In this two-part series, I will cover the Azimuth stochastic resonance example program, by Allan Erskine and Glyn Adgie. Stochastic resonance is a phenomenon whereby, under certain condtions, a noise signal may amplify the effect of a weak input to a signal detector. This concept was originally used in a hypothesis about the timing of ice-age cycles, but has since been applied to a wide range of phenomena, including neuronal detection mechanisms, and patterns of traffic congestion.

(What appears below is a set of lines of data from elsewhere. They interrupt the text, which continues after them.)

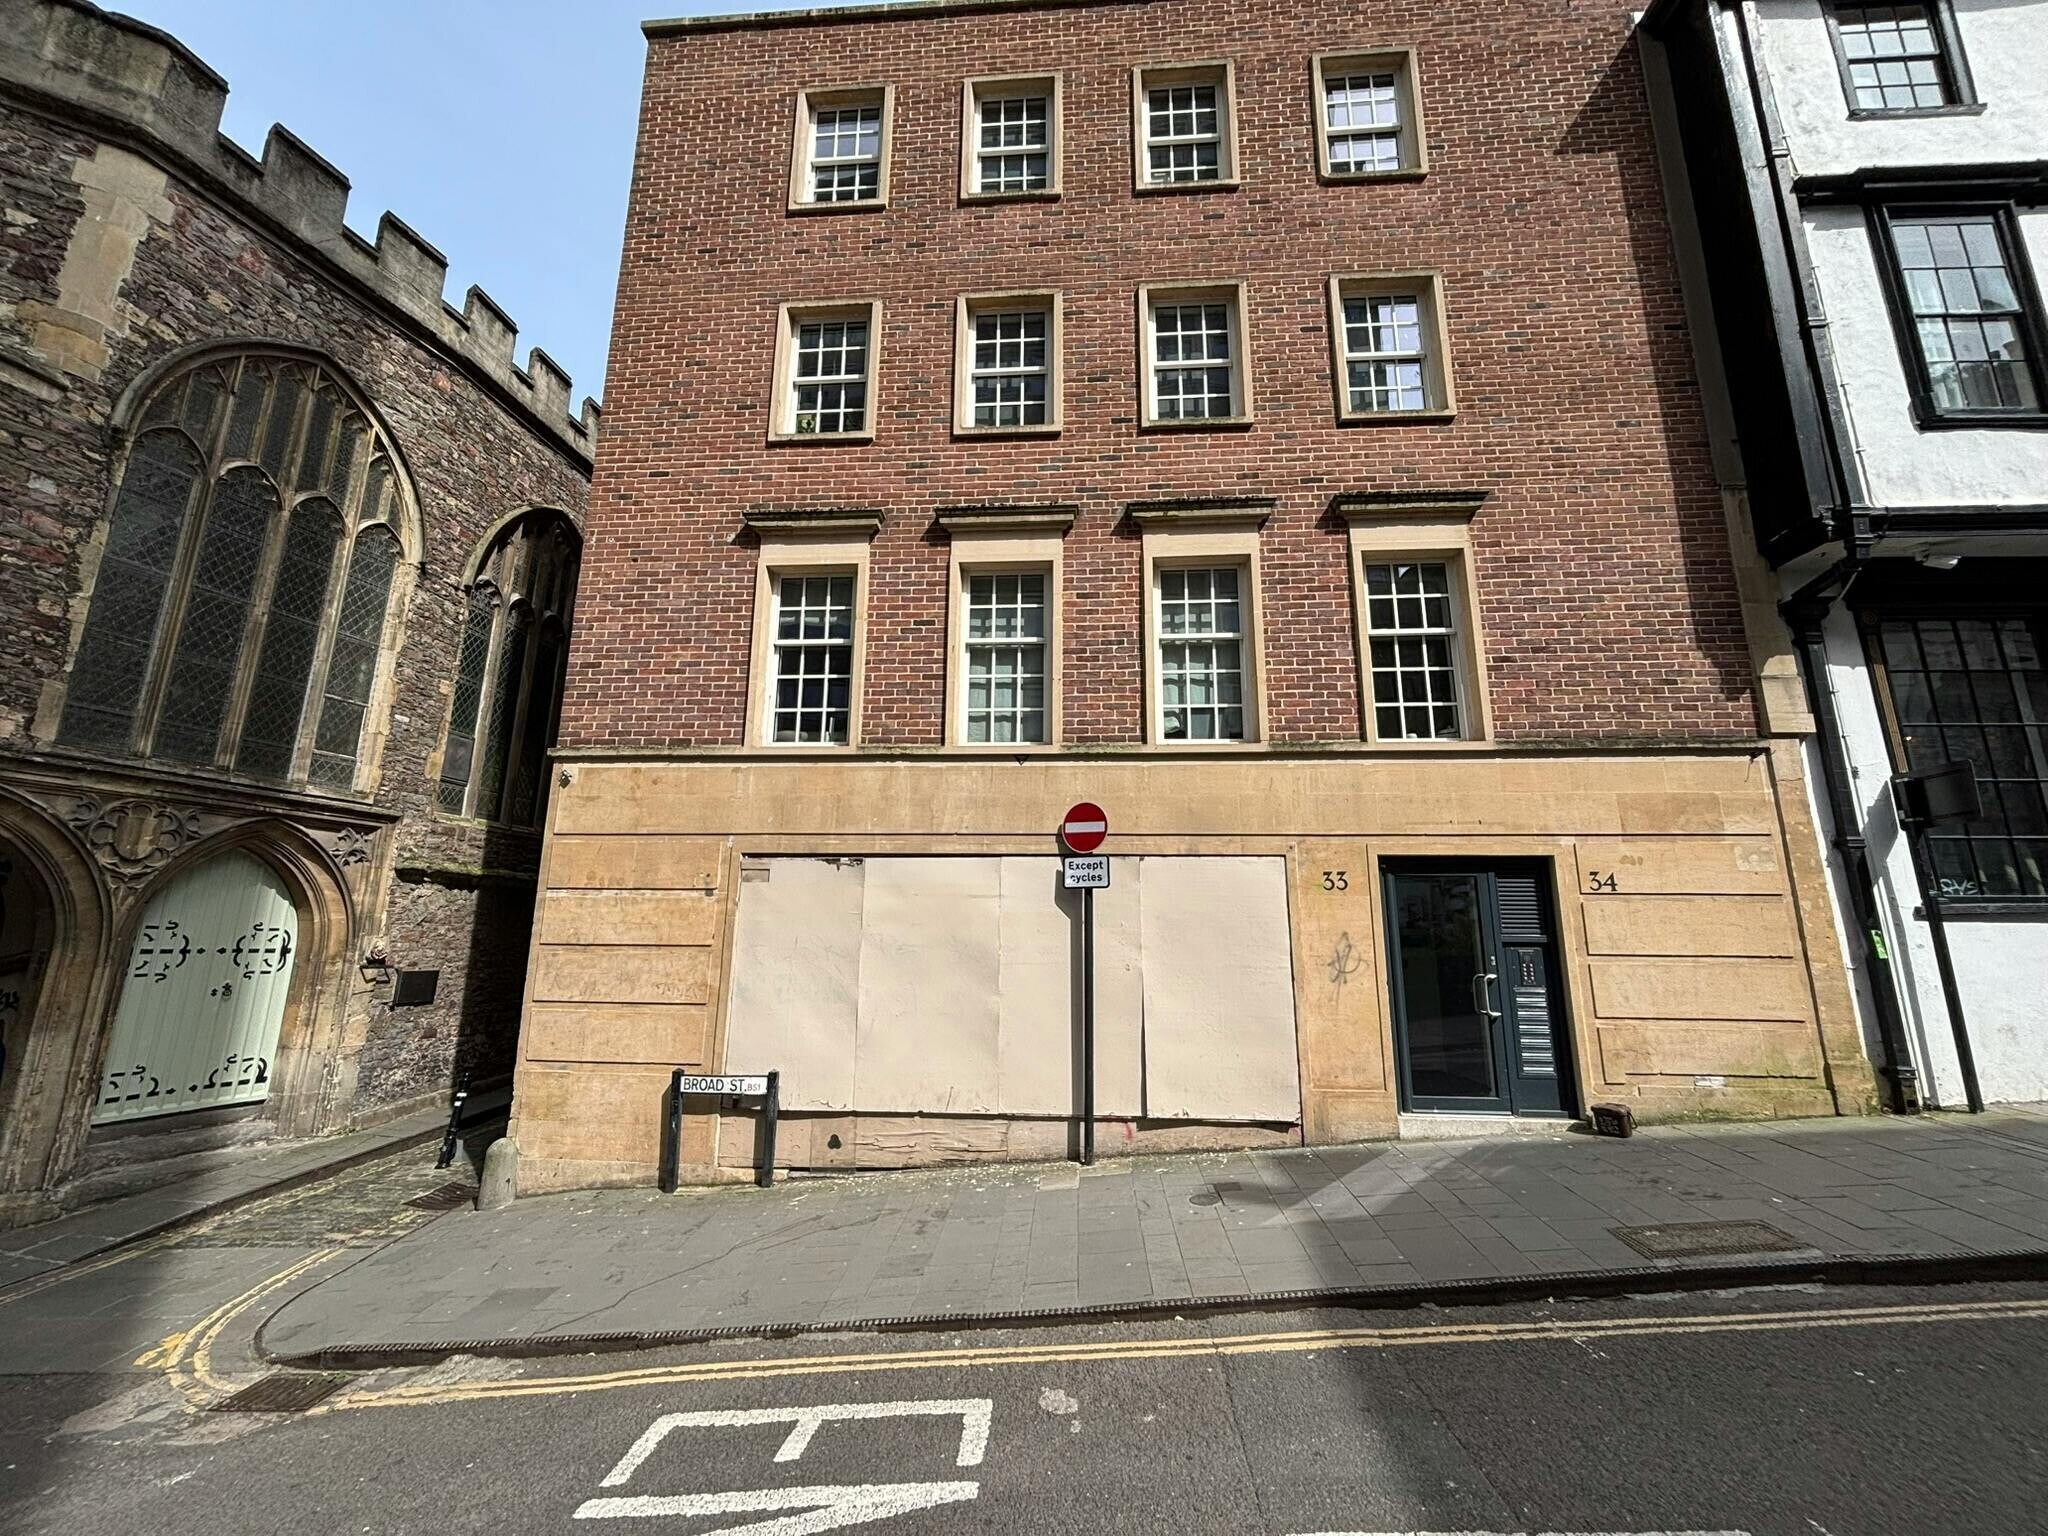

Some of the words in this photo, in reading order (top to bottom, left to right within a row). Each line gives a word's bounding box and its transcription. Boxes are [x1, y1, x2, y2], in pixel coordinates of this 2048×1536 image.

[1068, 861, 1104, 872] Except
[1070, 873, 1103, 884] cycles
[1322, 871, 1348, 891] 33
[1589, 871, 1618, 891] 34
[683, 1078, 725, 1091] BROAD
[729, 1079, 747, 1092] ST.
[747, 1083, 761, 1092] BS1

Suppose that we have a signal detector whose internal state is driven by the process of its input signal. The relationship between input signal and detector state may be complex and history dependent, e.g., there may be hysteresis, but we’ll still suppose that, given initial conditions, there is a deterministic mapping from input histories to state histories. Furthermore, suppose that the internal states are divided into “on” states and “off” states; the digital state is an abstraction from the concrete states. For instance, with a light switch, we may treat the force as the input signal, and take the concrete state as angle of the switch. The digital state could then be defined by the sign (signum) of the angle.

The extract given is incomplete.